INSTRUCTIONS FOR THE TASK: The reply must repeat each entry exactly and contain no pictures.
*** RECORDS SHOWN
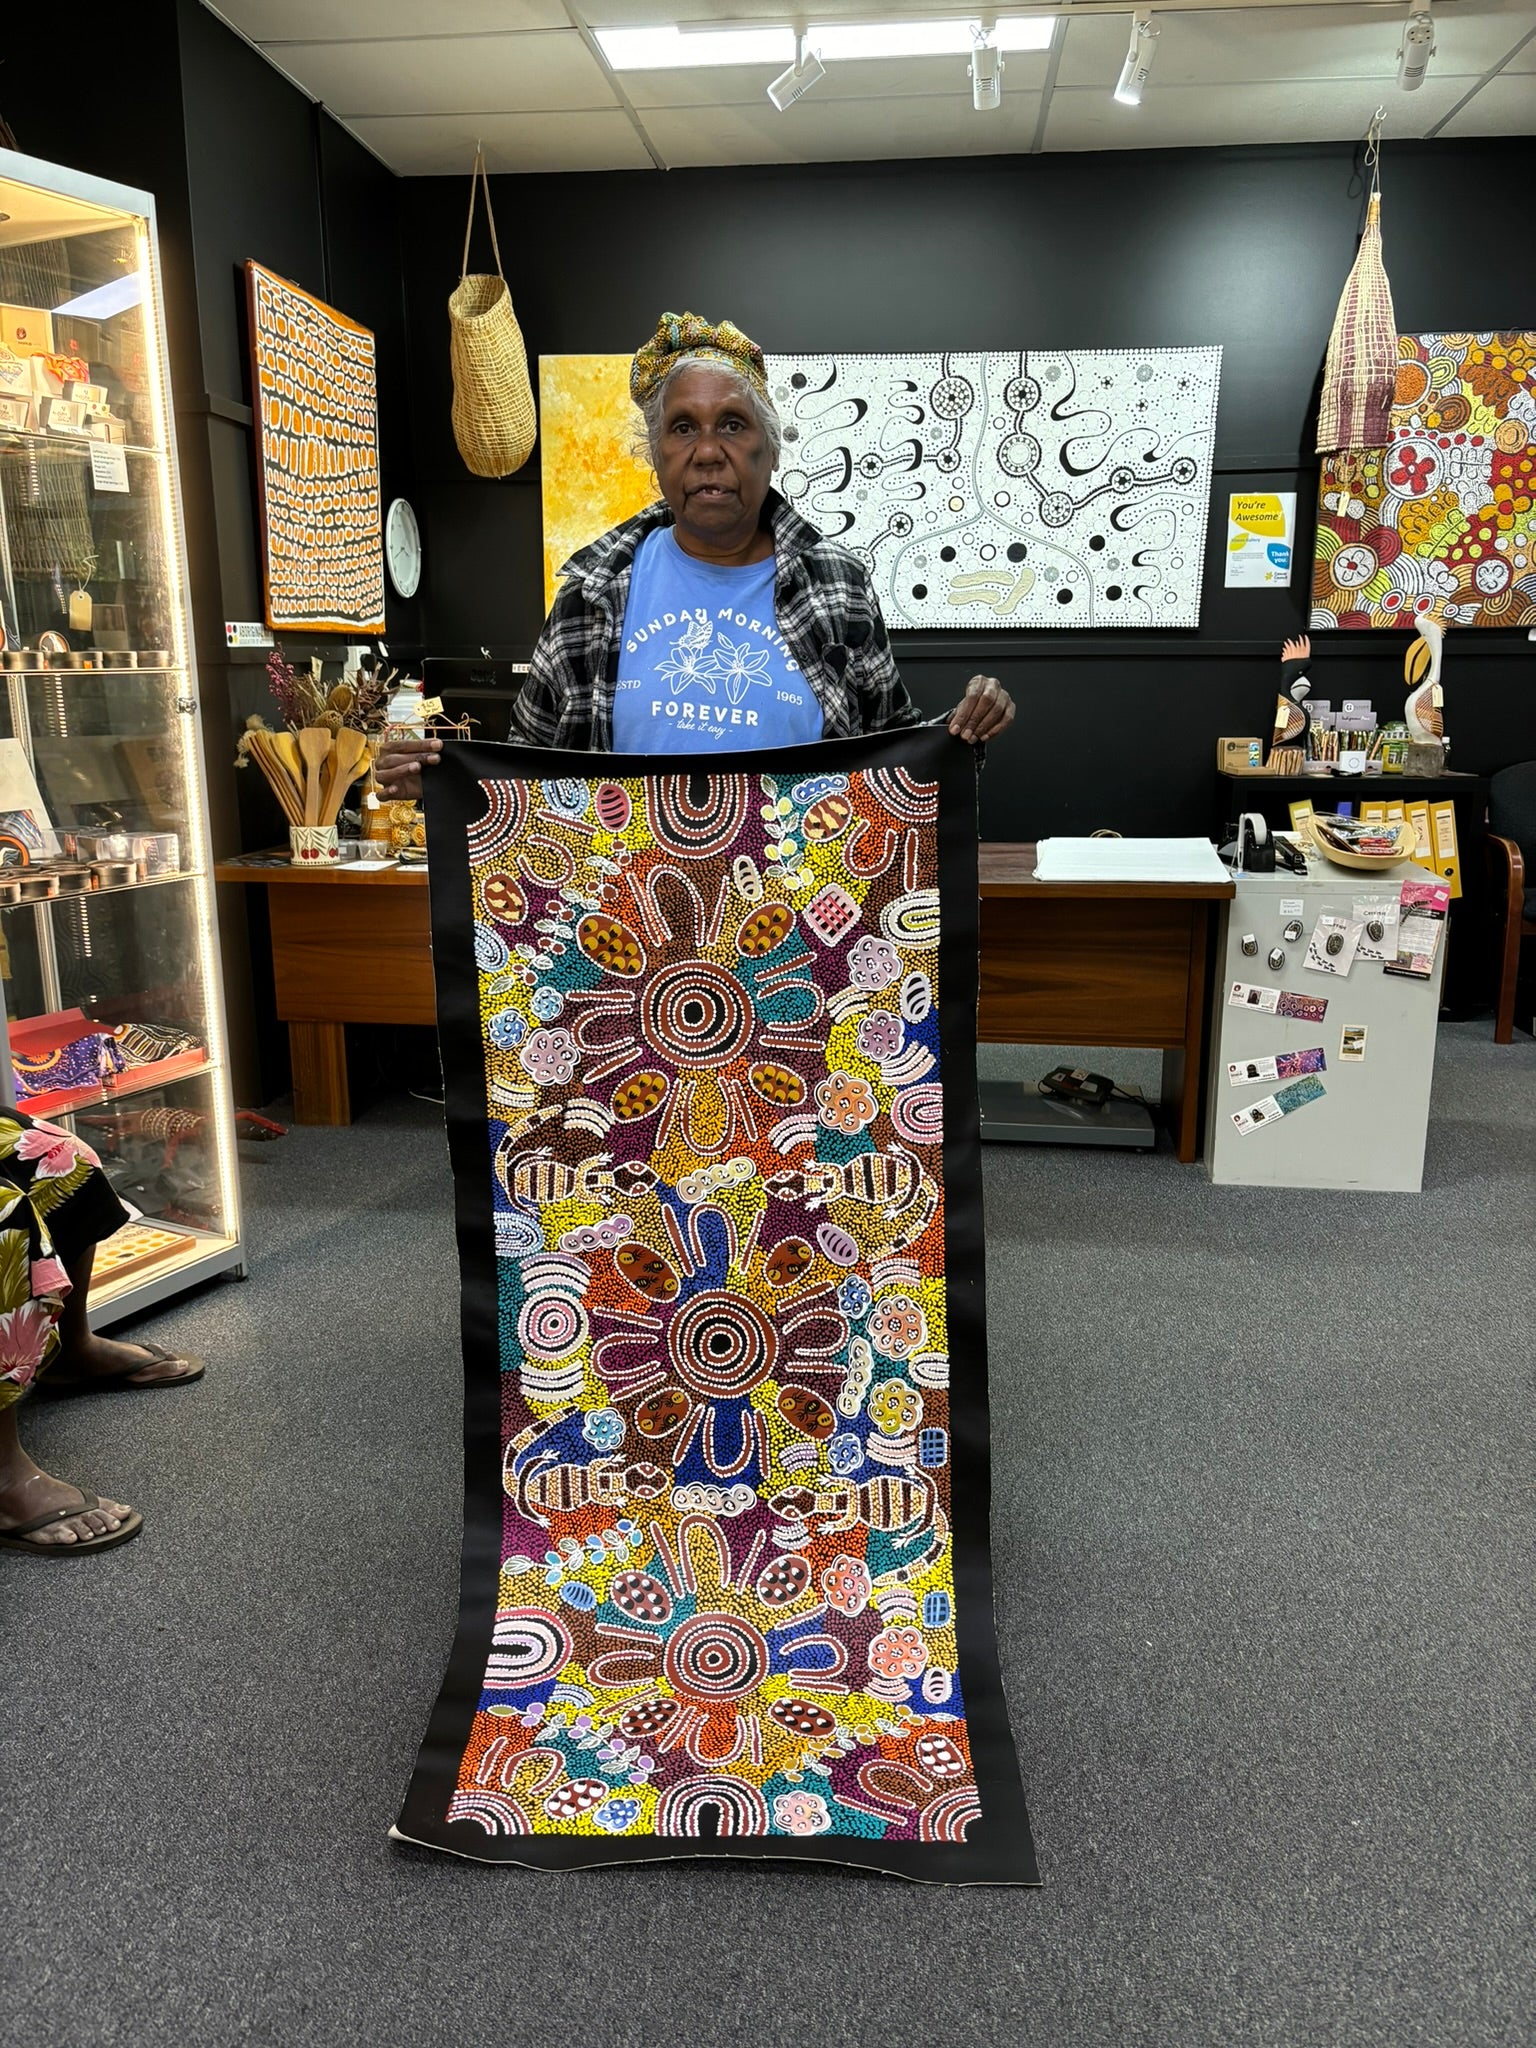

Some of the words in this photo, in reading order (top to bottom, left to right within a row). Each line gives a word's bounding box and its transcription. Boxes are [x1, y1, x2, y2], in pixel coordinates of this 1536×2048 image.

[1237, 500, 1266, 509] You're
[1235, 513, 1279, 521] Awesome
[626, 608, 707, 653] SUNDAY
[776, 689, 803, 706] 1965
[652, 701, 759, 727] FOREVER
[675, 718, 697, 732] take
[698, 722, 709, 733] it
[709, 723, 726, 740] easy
******
EXERCISE SOLUTION:
Some of the words in this photo, in reading order (top to bottom, left to right within a row). Each line gives a word's bounding box and its transcription. Boxes are [x1, y1, x2, y2], in pixel coordinates of this 1536×2048 image.

[1237, 500, 1266, 509] You're
[1235, 513, 1279, 521] Awesome
[626, 608, 707, 653] SUNDAY
[776, 689, 803, 706] 1965
[652, 701, 759, 727] FOREVER
[675, 718, 697, 732] take
[698, 722, 709, 733] it
[709, 723, 726, 740] easy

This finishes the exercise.